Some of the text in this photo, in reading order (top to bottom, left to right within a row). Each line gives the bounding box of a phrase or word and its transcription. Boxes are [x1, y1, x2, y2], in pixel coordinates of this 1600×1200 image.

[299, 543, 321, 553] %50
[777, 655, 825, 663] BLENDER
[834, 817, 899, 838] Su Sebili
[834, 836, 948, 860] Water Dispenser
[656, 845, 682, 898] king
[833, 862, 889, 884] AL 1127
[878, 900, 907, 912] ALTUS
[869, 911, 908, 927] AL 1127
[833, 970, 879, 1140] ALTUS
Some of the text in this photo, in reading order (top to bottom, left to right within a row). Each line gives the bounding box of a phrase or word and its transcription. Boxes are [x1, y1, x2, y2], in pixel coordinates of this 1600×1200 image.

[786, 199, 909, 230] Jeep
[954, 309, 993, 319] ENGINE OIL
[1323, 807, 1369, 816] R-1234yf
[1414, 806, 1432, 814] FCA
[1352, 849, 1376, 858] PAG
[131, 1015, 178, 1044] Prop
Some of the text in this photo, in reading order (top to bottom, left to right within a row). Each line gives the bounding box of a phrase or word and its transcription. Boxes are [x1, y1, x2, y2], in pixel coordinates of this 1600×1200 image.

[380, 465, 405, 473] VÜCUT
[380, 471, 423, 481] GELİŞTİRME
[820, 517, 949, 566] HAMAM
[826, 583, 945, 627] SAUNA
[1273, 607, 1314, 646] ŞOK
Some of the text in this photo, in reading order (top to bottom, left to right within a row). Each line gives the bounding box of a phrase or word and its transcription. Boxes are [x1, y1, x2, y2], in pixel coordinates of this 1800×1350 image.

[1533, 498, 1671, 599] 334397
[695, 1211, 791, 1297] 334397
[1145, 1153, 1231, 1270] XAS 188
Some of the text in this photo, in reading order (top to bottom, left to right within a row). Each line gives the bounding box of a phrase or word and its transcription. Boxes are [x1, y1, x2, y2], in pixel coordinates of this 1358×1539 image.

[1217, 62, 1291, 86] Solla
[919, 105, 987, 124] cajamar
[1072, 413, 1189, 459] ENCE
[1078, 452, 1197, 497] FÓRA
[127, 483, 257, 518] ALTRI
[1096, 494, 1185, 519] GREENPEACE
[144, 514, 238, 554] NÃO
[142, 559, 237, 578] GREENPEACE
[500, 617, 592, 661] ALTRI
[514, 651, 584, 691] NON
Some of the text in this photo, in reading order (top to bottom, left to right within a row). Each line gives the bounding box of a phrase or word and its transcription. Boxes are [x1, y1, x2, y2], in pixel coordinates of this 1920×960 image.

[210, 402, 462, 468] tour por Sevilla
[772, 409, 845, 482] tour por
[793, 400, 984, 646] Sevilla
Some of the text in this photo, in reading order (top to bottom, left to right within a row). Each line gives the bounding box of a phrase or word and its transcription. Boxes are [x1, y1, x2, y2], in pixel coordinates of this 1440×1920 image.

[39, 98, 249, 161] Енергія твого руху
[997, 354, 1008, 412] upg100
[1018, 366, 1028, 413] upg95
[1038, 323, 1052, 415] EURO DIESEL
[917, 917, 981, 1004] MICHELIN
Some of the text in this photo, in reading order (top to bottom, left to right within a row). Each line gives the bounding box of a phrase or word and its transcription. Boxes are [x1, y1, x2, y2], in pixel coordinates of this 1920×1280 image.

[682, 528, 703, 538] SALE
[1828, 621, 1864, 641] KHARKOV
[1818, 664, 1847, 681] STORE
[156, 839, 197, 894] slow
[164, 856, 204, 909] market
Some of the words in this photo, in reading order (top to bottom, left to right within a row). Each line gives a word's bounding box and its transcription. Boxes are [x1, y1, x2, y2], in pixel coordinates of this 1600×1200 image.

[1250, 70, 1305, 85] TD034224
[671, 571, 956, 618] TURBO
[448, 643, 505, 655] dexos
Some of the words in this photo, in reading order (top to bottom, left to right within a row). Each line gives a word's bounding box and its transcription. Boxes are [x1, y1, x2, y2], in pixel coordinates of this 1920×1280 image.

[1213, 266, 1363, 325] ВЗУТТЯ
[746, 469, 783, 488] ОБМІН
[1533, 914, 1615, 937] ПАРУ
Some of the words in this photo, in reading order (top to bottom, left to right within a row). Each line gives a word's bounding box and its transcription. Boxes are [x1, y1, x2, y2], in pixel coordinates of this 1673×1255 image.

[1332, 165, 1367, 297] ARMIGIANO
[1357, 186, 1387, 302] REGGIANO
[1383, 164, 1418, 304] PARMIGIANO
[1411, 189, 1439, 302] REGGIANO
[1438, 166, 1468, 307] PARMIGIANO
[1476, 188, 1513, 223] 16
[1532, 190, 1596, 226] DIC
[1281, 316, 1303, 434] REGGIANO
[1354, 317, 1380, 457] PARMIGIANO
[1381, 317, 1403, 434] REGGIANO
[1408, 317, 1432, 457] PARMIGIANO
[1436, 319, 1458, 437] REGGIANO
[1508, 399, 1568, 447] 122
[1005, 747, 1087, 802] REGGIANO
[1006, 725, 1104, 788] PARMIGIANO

Task details: All of the entries must be written out exactly as they stand.

Finished task:
Some of the text in this photo, in reading order (top to bottom, left to right within a row). Each line gives the bounding box of a phrase or word and its transcription. Boxes are [x1, y1, x2, y2], in pixel coordinates of this 1600×1200 image.

[299, 543, 321, 553] %50
[777, 655, 825, 663] BLENDER
[834, 817, 899, 838] Su Sebili
[834, 836, 948, 860] Water Dispenser
[656, 845, 682, 898] king
[833, 862, 889, 884] AL 1127
[878, 900, 907, 912] ALTUS
[869, 911, 908, 927] AL 1127
[833, 970, 879, 1140] ALTUS
Some of the text in this photo, in reading order (top to bottom, left to right within a row). Each line gives the bounding box of a phrase or word and its transcription. Boxes are [x1, y1, x2, y2], in pixel coordinates of this 1600×1200 image.

[786, 199, 909, 230] Jeep
[954, 309, 993, 319] ENGINE OIL
[1323, 807, 1369, 816] R-1234yf
[1414, 806, 1432, 814] FCA
[1352, 849, 1376, 858] PAG
[131, 1015, 178, 1044] Prop
Some of the text in this photo, in reading order (top to bottom, left to right within a row). Each line gives the bounding box of a phrase or word and its transcription. Boxes are [x1, y1, x2, y2], in pixel coordinates of this 1600×1200 image.

[380, 465, 405, 473] VÜCUT
[380, 471, 423, 481] GELİŞTİRME
[820, 517, 949, 566] HAMAM
[826, 583, 945, 627] SAUNA
[1273, 607, 1314, 646] ŞOK
Some of the text in this photo, in reading order (top to bottom, left to right within a row). Each line gives the bounding box of a phrase or word and its transcription. Boxes are [x1, y1, x2, y2], in pixel coordinates of this 1800×1350 image.

[1533, 498, 1671, 599] 334397
[695, 1211, 791, 1297] 334397
[1145, 1153, 1231, 1270] XAS 188
Some of the text in this photo, in reading order (top to bottom, left to right within a row). Each line gives the bounding box of a phrase or word and its transcription. Boxes are [x1, y1, x2, y2], in pixel coordinates of this 1358×1539 image.

[1217, 62, 1291, 86] Solla
[919, 105, 987, 124] cajamar
[1072, 413, 1189, 459] ENCE
[1078, 452, 1197, 497] FÓRA
[127, 483, 257, 518] ALTRI
[1096, 494, 1185, 519] GREENPEACE
[144, 514, 238, 554] NÃO
[142, 559, 237, 578] GREENPEACE
[500, 617, 592, 661] ALTRI
[514, 651, 584, 691] NON
Some of the text in this photo, in reading order (top to bottom, left to right within a row). Each line gives the bounding box of a phrase or word and its transcription. Boxes are [x1, y1, x2, y2], in pixel coordinates of this 1920×960 image.

[210, 402, 462, 468] tour por Sevilla
[772, 409, 845, 482] tour por
[793, 400, 984, 646] Sevilla
Some of the text in this photo, in reading order (top to bottom, left to right within a row). Each line gives the bounding box of a phrase or word and its transcription. Boxes are [x1, y1, x2, y2], in pixel coordinates of this 1440×1920 image.

[39, 98, 249, 161] Енергія твого руху
[997, 354, 1008, 412] upg100
[1018, 366, 1028, 413] upg95
[1038, 323, 1052, 415] EURO DIESEL
[917, 917, 981, 1004] MICHELIN
Some of the text in this photo, in reading order (top to bottom, left to right within a row). Each line gives the bounding box of a phrase or word and its transcription. Boxes are [x1, y1, x2, y2], in pixel coordinates of this 1920×1280 image.

[682, 528, 703, 538] SALE
[1828, 621, 1864, 641] KHARKOV
[1818, 664, 1847, 681] STORE
[156, 839, 197, 894] slow
[164, 856, 204, 909] market
Some of the words in this photo, in reading order (top to bottom, left to right within a row). Each line gives a word's bounding box and its transcription. Boxes are [x1, y1, x2, y2], in pixel coordinates of this 1600×1200 image.

[1250, 70, 1305, 85] TD034224
[671, 571, 956, 618] TURBO
[448, 643, 505, 655] dexos
Some of the words in this photo, in reading order (top to bottom, left to right within a row). Each line gives a word's bounding box and its transcription. Boxes are [x1, y1, x2, y2], in pixel coordinates of this 1920×1280 image.

[1213, 266, 1363, 325] ВЗУТТЯ
[746, 469, 783, 488] ОБМІН
[1533, 914, 1615, 937] ПАРУ
Some of the words in this photo, in reading order (top to bottom, left to right within a row). Each line gives a word's bounding box and its transcription. Boxes are [x1, y1, x2, y2], in pixel coordinates of this 1673×1255 image.

[1332, 165, 1367, 297] ARMIGIANO
[1357, 186, 1387, 302] REGGIANO
[1383, 164, 1418, 304] PARMIGIANO
[1411, 189, 1439, 302] REGGIANO
[1438, 166, 1468, 307] PARMIGIANO
[1476, 188, 1513, 223] 16
[1532, 190, 1596, 226] DIC
[1281, 316, 1303, 434] REGGIANO
[1354, 317, 1380, 457] PARMIGIANO
[1381, 317, 1403, 434] REGGIANO
[1408, 317, 1432, 457] PARMIGIANO
[1436, 319, 1458, 437] REGGIANO
[1508, 399, 1568, 447] 122
[1005, 747, 1087, 802] REGGIANO
[1006, 725, 1104, 788] PARMIGIANO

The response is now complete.